◆ **WHAT YOU HAVE TO DO**:
Exact copy required. Repeat the records, but keep the pictures out.

(Saved entries)
----

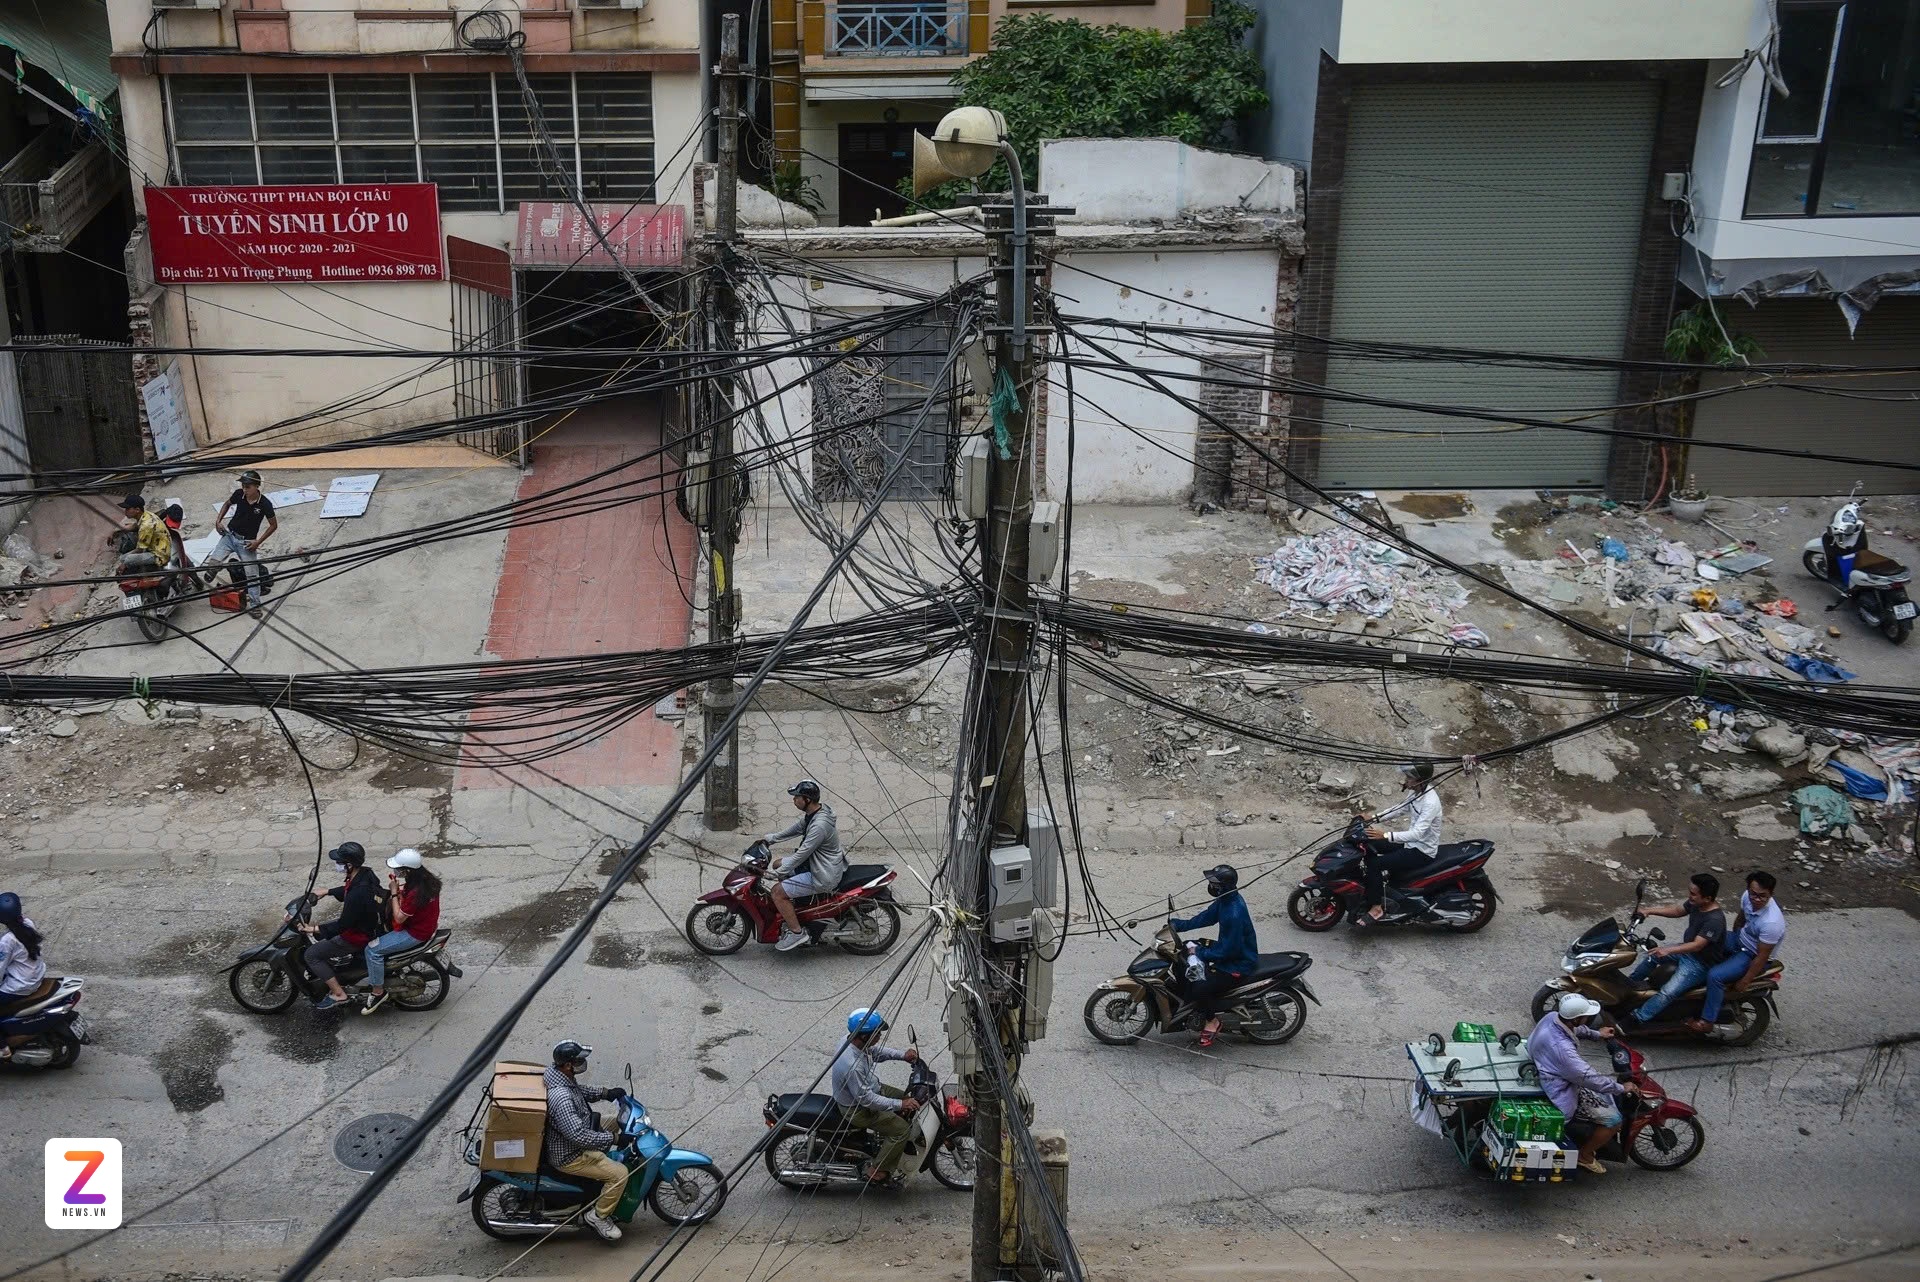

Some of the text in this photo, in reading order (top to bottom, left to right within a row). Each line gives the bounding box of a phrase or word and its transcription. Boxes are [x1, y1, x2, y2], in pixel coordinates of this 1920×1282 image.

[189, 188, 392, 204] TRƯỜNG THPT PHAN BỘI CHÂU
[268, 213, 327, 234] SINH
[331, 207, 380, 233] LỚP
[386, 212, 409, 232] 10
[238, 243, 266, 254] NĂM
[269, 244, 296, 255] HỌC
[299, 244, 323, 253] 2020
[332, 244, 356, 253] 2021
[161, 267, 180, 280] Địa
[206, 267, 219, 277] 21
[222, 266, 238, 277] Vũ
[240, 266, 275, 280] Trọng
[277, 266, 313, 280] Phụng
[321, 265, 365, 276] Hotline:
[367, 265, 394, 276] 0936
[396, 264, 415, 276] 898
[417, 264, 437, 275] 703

----

◆ **ANSWER TO THIS TASK**:
Some of the text in this photo, in reading order (top to bottom, left to right within a row). Each line gives the bounding box of a phrase or word and its transcription. Boxes are [x1, y1, x2, y2], in pixel coordinates of this 1920×1282 image.

[189, 188, 392, 204] TRƯỜNG THPT PHAN BỘI CHÂU
[268, 213, 327, 234] SINH
[331, 207, 380, 233] LỚP
[386, 212, 409, 232] 10
[238, 243, 266, 254] NĂM
[269, 244, 296, 255] HỌC
[299, 244, 323, 253] 2020
[332, 244, 356, 253] 2021
[161, 267, 180, 280] Địa
[206, 267, 219, 277] 21
[222, 266, 238, 277] Vũ
[240, 266, 275, 280] Trọng
[277, 266, 313, 280] Phụng
[321, 265, 365, 276] Hotline:
[367, 265, 394, 276] 0936
[396, 264, 415, 276] 898
[417, 264, 437, 275] 703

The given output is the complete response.